:: Activity ::
From the first line to the last, repeat the data exactly and drop the pictures.

:: Provided information ::
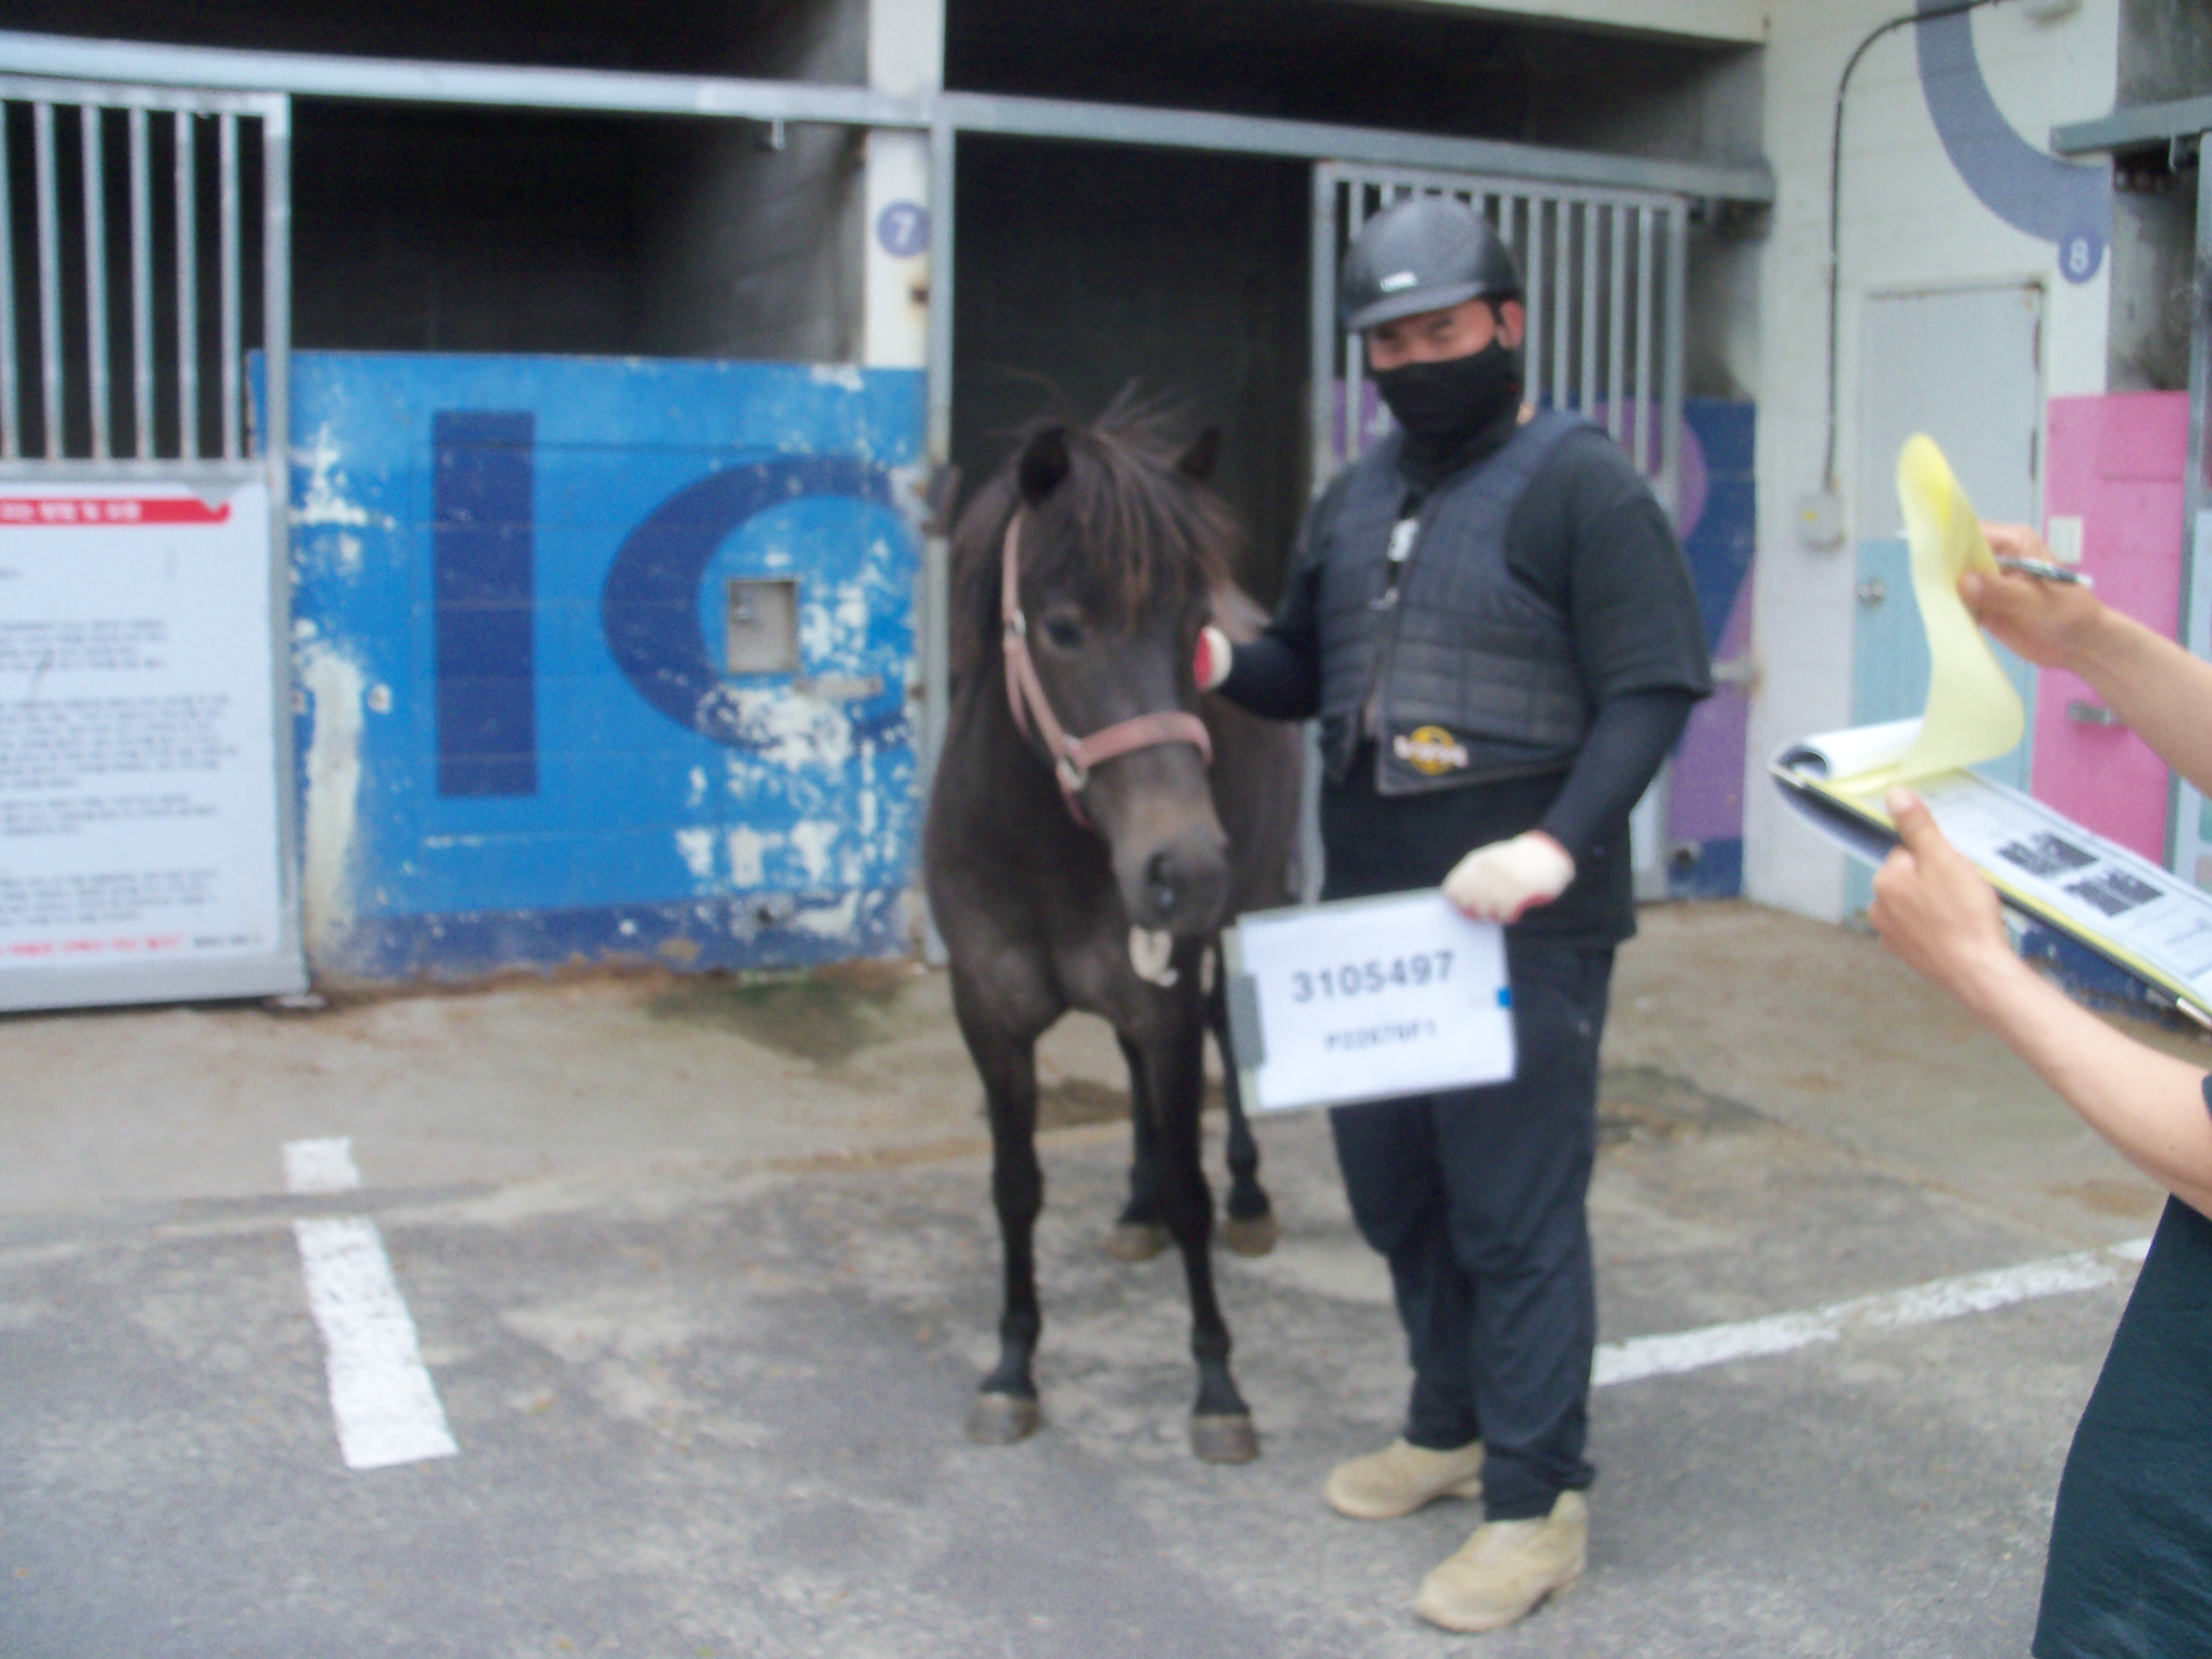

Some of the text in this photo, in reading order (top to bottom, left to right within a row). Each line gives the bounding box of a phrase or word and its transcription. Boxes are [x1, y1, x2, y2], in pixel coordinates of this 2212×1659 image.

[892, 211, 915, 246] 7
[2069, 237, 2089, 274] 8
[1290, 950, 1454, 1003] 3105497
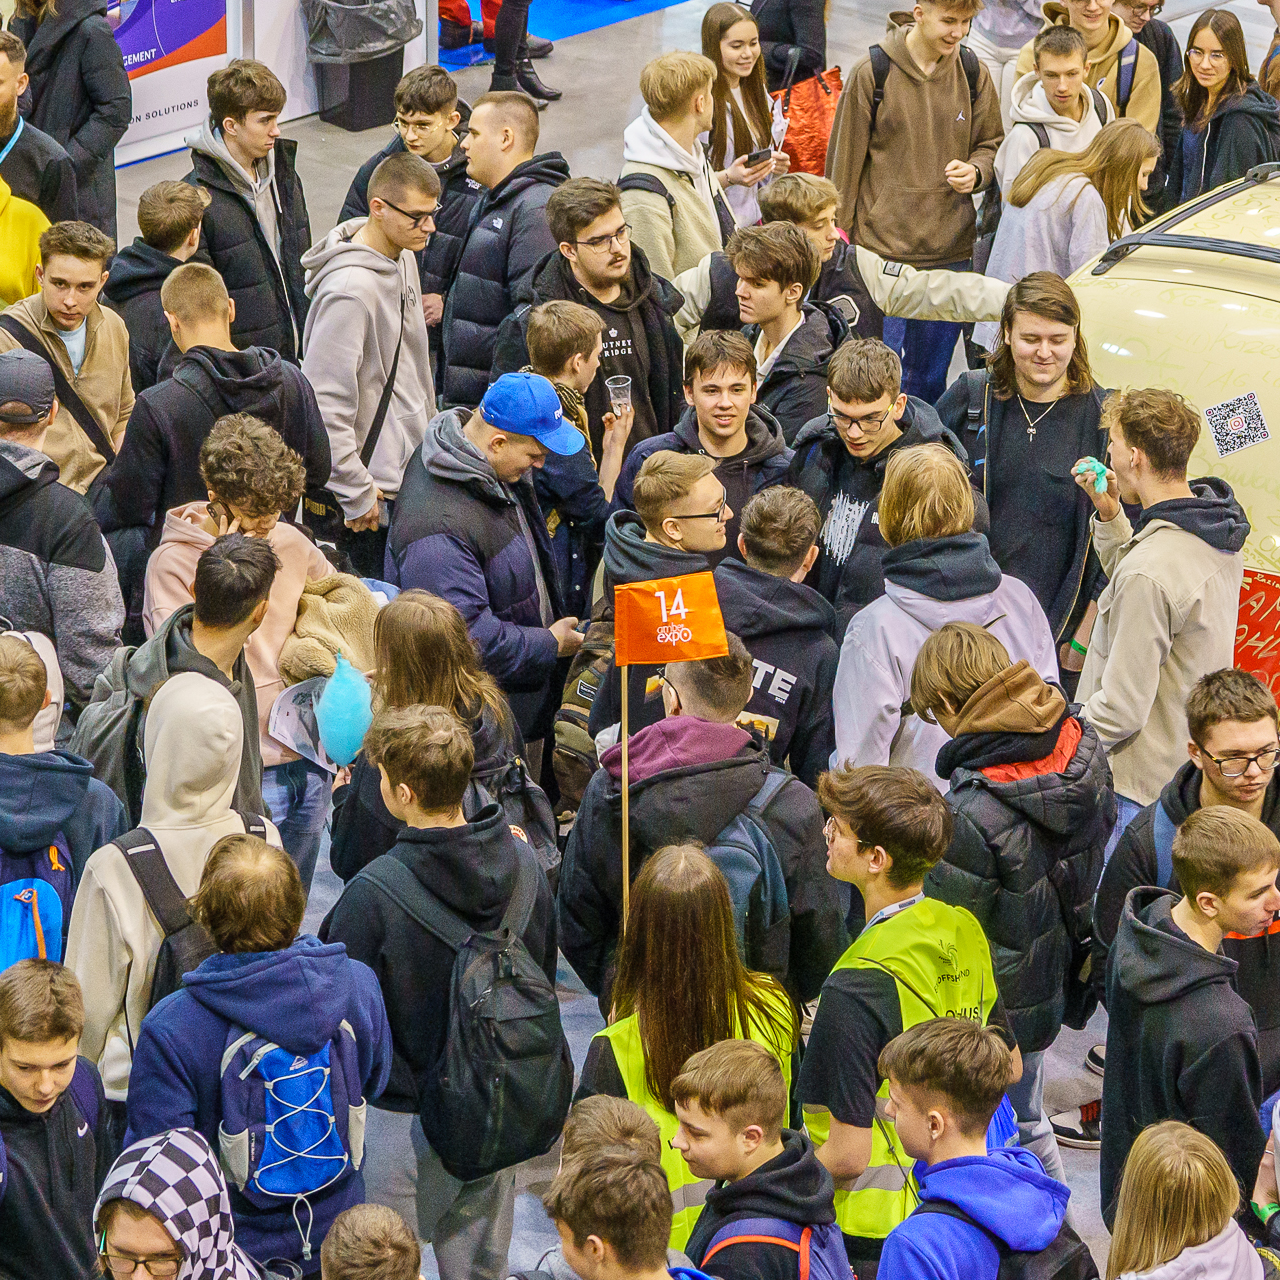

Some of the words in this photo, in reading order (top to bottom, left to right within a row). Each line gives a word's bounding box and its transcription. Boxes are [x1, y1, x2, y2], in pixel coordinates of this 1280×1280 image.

:: Response to the exercise ::
Some of the text in this photo, in reading order (top to bottom, left to right within a row). Each line gives the bounding box of a phrase or word and its transcription. Boxes are [x1, y1, x2, y2], in pixel coordinates of this 2212×1659 image.

[892, 211, 915, 246] 7
[2069, 237, 2089, 274] 8
[1290, 950, 1454, 1003] 3105497

Some of the words in this photo, in reading order (top to bottom, left to right within a row). Each line gives a word's bounding box and its transcription. Boxes are [x1, y1, x2, y2], in pixel coordinates of this 1280×1280 image.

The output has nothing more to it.